WHAT YOU NEED TO DO: Copy out the data below as written; omit any images.

(Stored data entries)
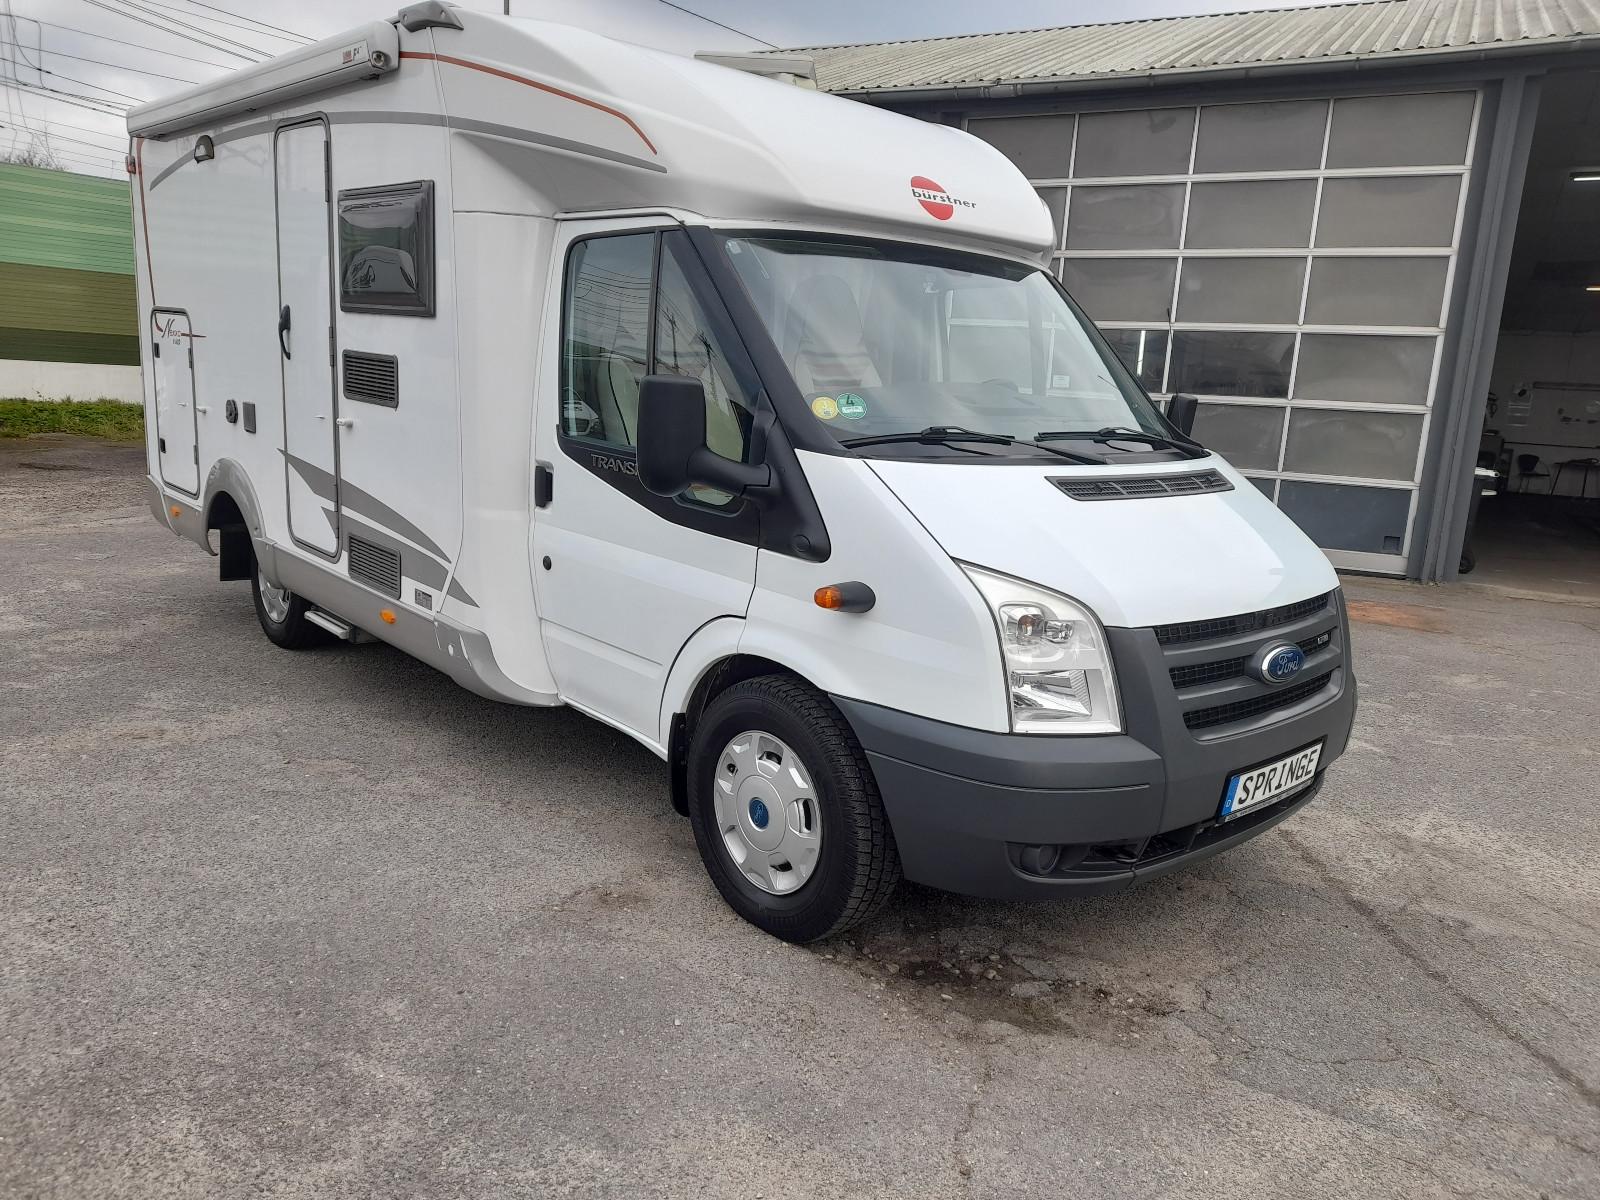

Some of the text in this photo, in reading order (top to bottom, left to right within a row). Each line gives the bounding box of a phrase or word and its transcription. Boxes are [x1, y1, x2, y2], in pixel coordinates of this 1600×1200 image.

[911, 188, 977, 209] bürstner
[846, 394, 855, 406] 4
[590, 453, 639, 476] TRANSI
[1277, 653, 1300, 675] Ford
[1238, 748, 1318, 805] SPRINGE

YOUR SOLUTION:
Some of the text in this photo, in reading order (top to bottom, left to right within a row). Each line gives the bounding box of a phrase or word and its transcription. Boxes are [x1, y1, x2, y2], in pixel coordinates of this 1600×1200 image.

[911, 188, 977, 209] bürstner
[846, 394, 855, 406] 4
[590, 453, 639, 476] TRANSI
[1277, 653, 1300, 675] Ford
[1238, 748, 1318, 805] SPRINGE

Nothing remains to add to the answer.